# WHAT IS REQUIRED
Print exactly the lines that run from the one containing "this 1280×1280 image." to the final line of the data, both included, and print none of the pictures.

# RECORDS PROVIDED
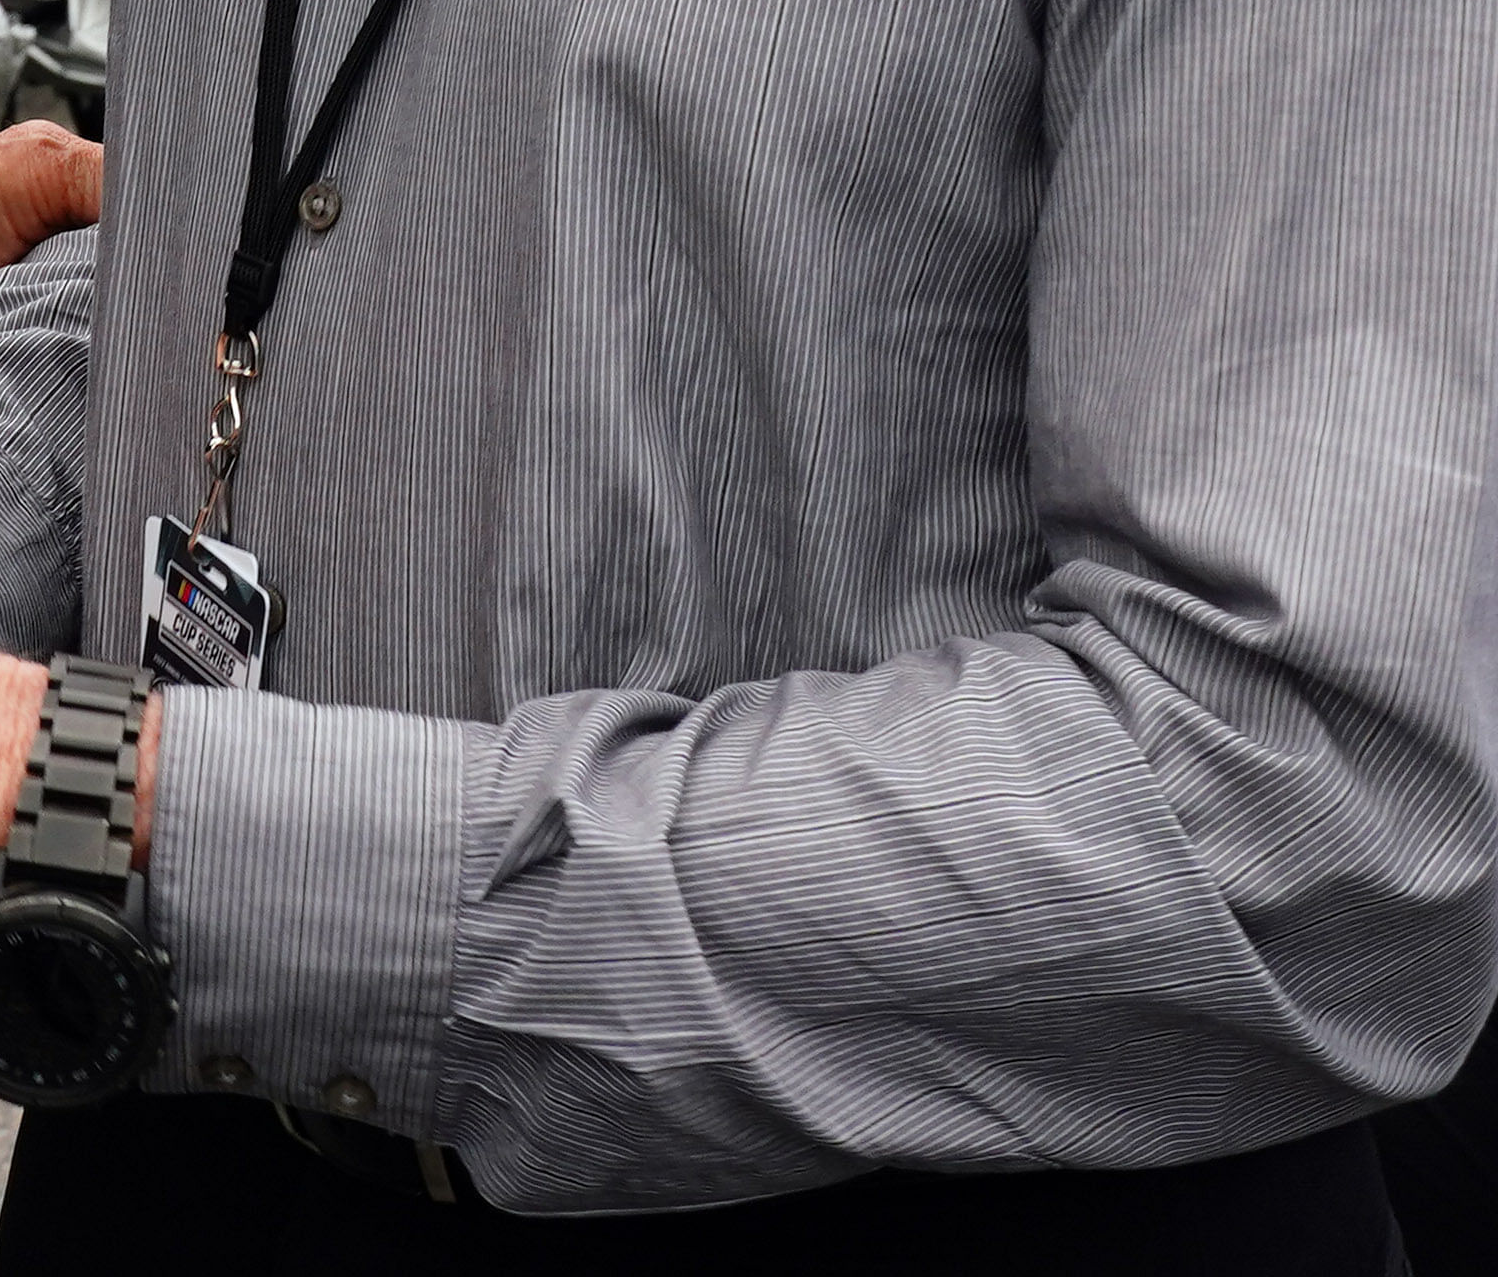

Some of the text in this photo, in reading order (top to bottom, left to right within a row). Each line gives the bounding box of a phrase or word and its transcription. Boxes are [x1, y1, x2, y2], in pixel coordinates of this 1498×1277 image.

[172, 613, 197, 648] CUP
[198, 632, 236, 678] SERIES
[192, 590, 241, 645] NASCAR
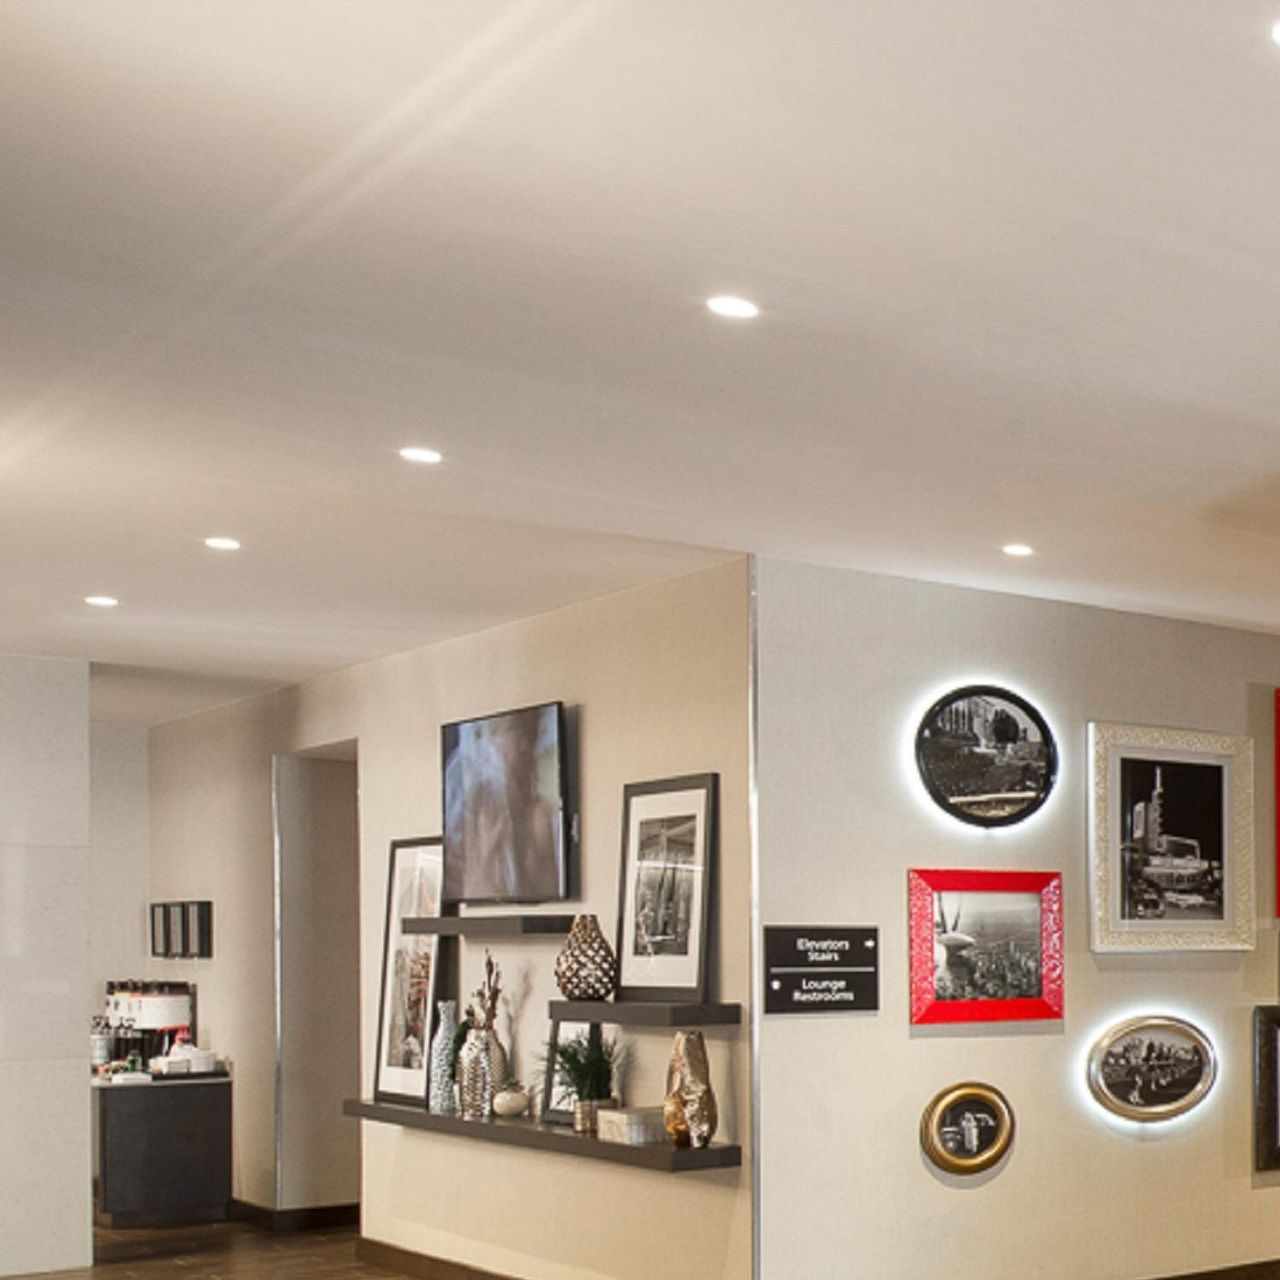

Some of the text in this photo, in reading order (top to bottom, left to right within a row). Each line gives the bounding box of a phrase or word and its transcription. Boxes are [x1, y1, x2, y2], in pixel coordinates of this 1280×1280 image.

[807, 950, 840, 962] Stairs
[802, 978, 846, 992] Lounge
[793, 990, 855, 1002] Restrooms
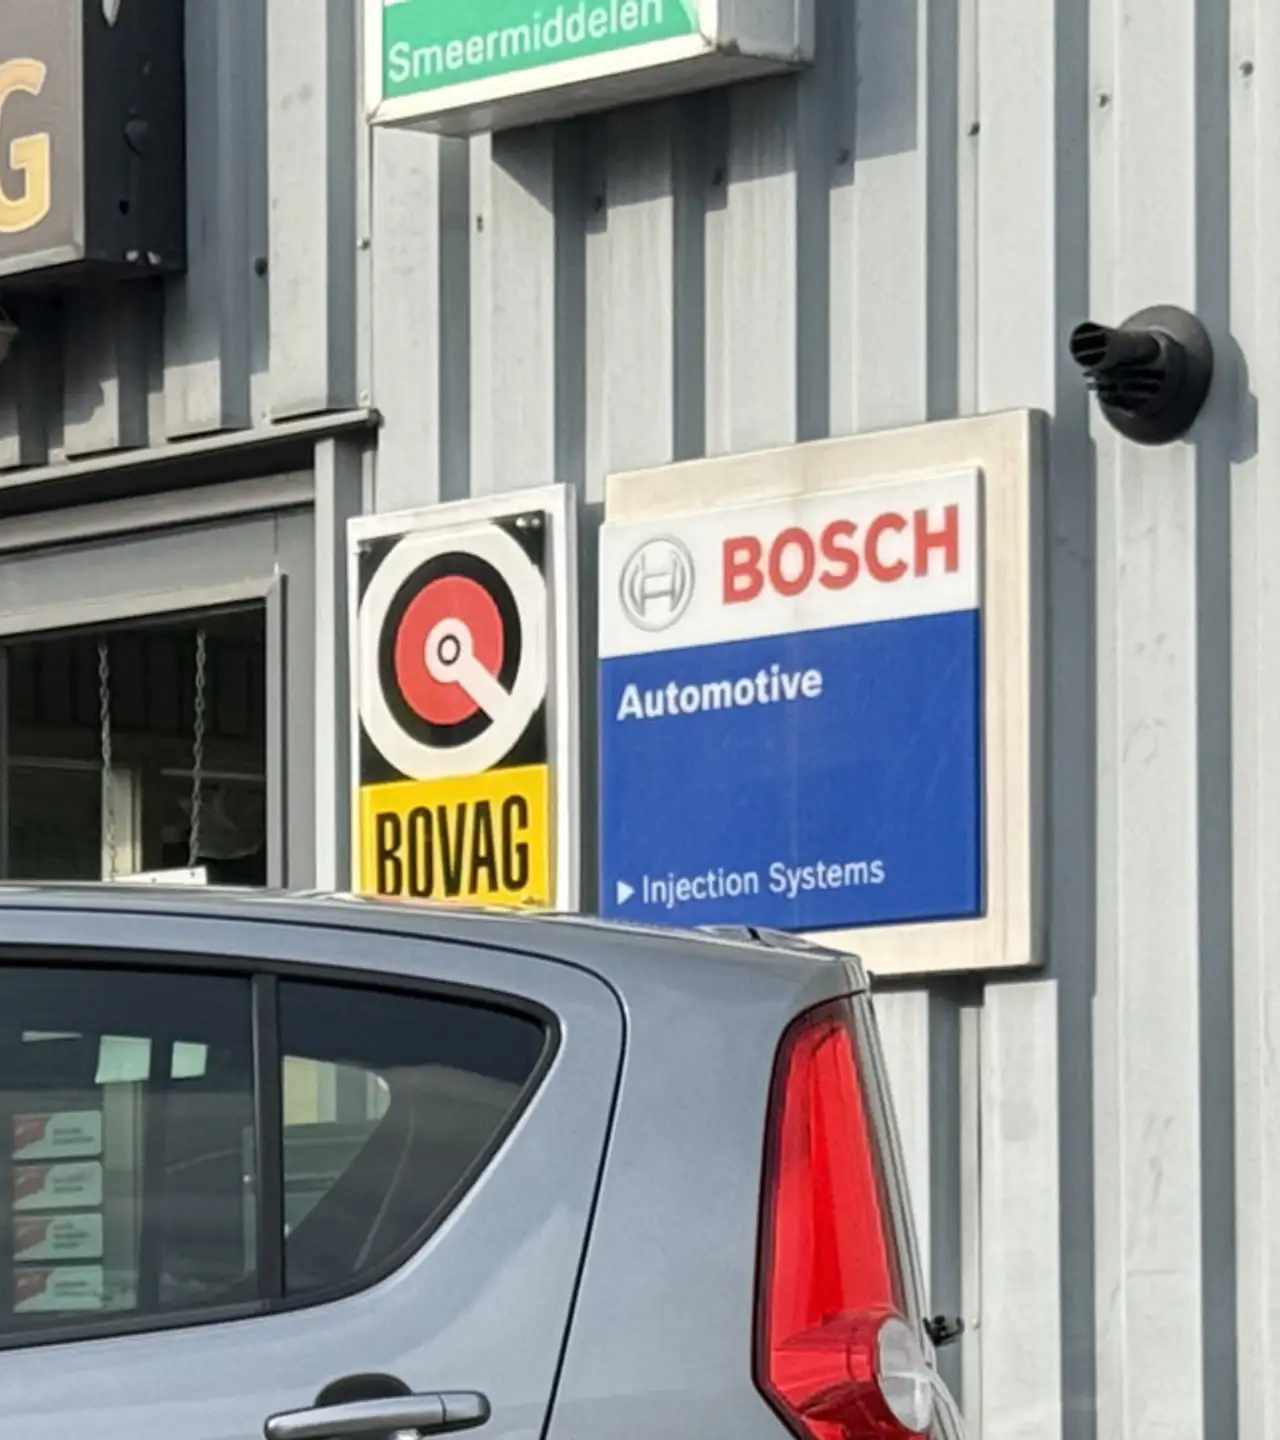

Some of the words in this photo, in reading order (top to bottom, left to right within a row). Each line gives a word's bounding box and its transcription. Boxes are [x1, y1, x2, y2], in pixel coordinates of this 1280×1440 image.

[388, 0, 663, 82] Smeermiddelen
[723, 504, 958, 605] BOSCH
[617, 664, 822, 721] Automotive
[376, 794, 528, 897] BOVAG
[643, 867, 759, 909] Injection
[769, 859, 885, 899] Systems

# ANSWER SECTION
Some of the text in this photo, in reading order (top to bottom, left to right within a row). Each line gives the bounding box of a phrase or word and its transcription. Boxes are [x1, y1, x2, y2], in pixel coordinates of this 1280×1280 image.

[807, 950, 840, 962] Stairs
[802, 978, 846, 992] Lounge
[793, 990, 855, 1002] Restrooms

Some of the words in this photo, in reading order (top to bottom, left to right within a row). Each line gives a word's bounding box and its transcription. Boxes are [x1, y1, x2, y2], in pixel coordinates of this 1280×1440 image.

[388, 0, 663, 82] Smeermiddelen
[723, 504, 958, 605] BOSCH
[617, 664, 822, 721] Automotive
[376, 794, 528, 897] BOVAG
[643, 867, 759, 909] Injection
[769, 859, 885, 899] Systems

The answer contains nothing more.